Caracalla's Inscription (Gülek Kitabesi, also called İskender Kitabesi) is a rock-carved ancient Roman inscription on the Taurus Mountains, southern Turkey dedicated to the Roman emperor Caracalla.

==Location==
The inscription is situated at the Cilician Gates (Gülek Boğazı), which is located north of Tarsus district in Mersin Province. Formerly visible to the passers-by on the highway, it is not the case today due to the elevated level of the motorway O.21 constructed on place later on.

The location is accessible by a staircase next to the motorway, it is also accessible taking the exit at Akçatekir and following the regional road east of the motorway southwards about 5 km.

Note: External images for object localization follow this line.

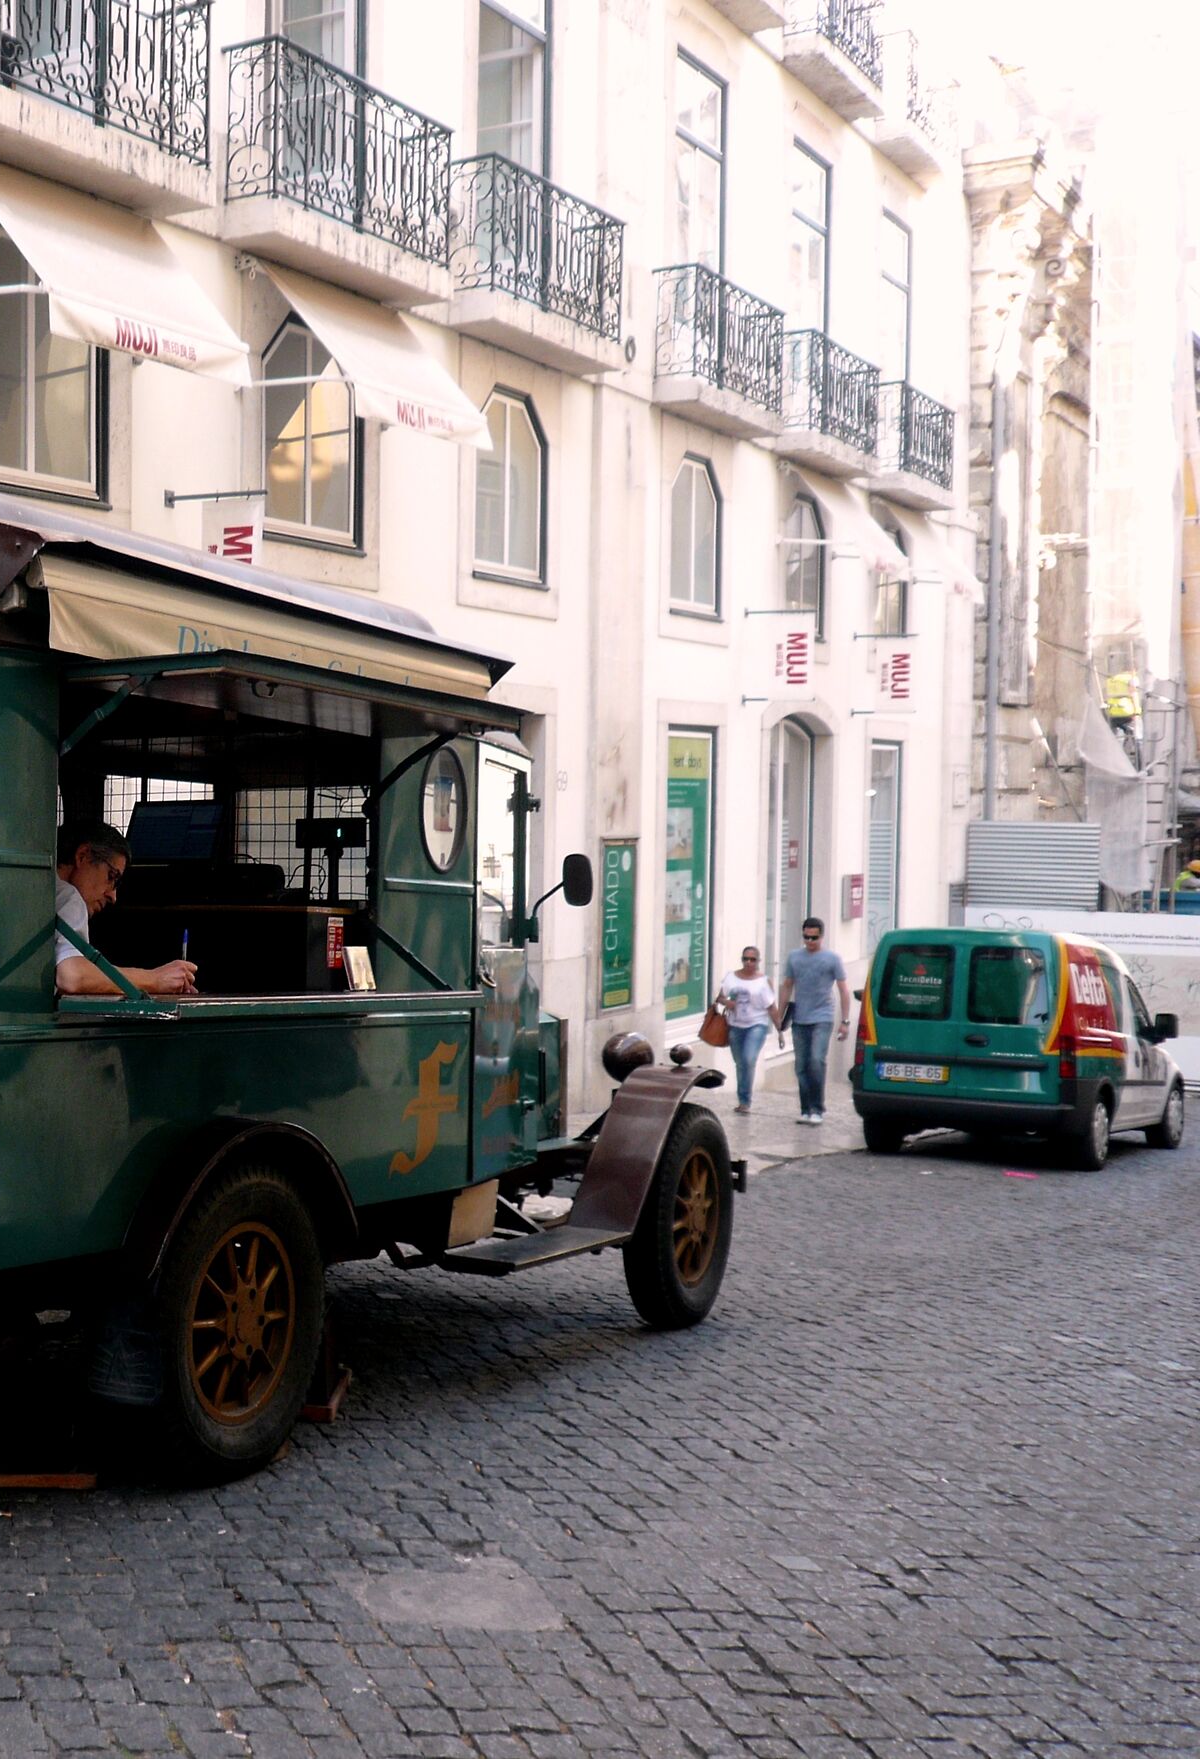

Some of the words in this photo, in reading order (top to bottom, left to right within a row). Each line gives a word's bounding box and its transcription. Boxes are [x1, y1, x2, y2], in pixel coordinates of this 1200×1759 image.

[115, 317, 158, 357] MUJI
[397, 400, 425, 430] MUJI
[786, 633, 808, 684] MUJI
[891, 653, 911, 699] MUJI
[605, 850, 619, 951] CHIADO
[1069, 962, 1108, 1006] Delta

==Etymology of the inscription==
Locally, it is dubbed as the "İskender Kitabesi" ("Alexander's Inscription"), although Alexander the Great lived about five centuries before Caracalla. The local name was most likely given due to the historical fact that Alexander the Great (reigned 331–323 BC) passed through the Cilician Gates proceeding for the Battle of Issus. Even though it revealed after its decryption that the inscription was dedicated to Caracalla (reigned 198–217 AD), the wrong local name still persists.

==The inscription==
The inscription was put up to memorize the road-widening construction of the mountain pass for the troops of Caracalla proceeding to the Parthian war in 216–17 AD. The inscription in Latin reads as:
 Imp(erator) Ca(e)sar Marcus Au/relius ⟦Antoninus Pi⟧us / Felix Invictus Augu/stus montibus ca<e=I>si[s] / viam latiorem fecit
 Emperor Caesar Marcus Antoninus, the faithful, blessed, invincible Augustus (Caracalla), constructed this road by digging through the mountains.

Below the inscription, there are two lines written in Ancient Greek, ὅροι [Κι]λί/κων, which reads as Border of Cilicia marking the border to Cappadocia in the north.

In conjunction with the inscription, there exist several milestones to the north of the Cilician Gates. Some of the milestones are now in Adana Archaeology Museum. The milestones bear the name of the road in Latin as Via Tauri ("Taurus road").

==Destruction of the inscription==
In 2020, a part of the inscription was destroyed by treasure hunters.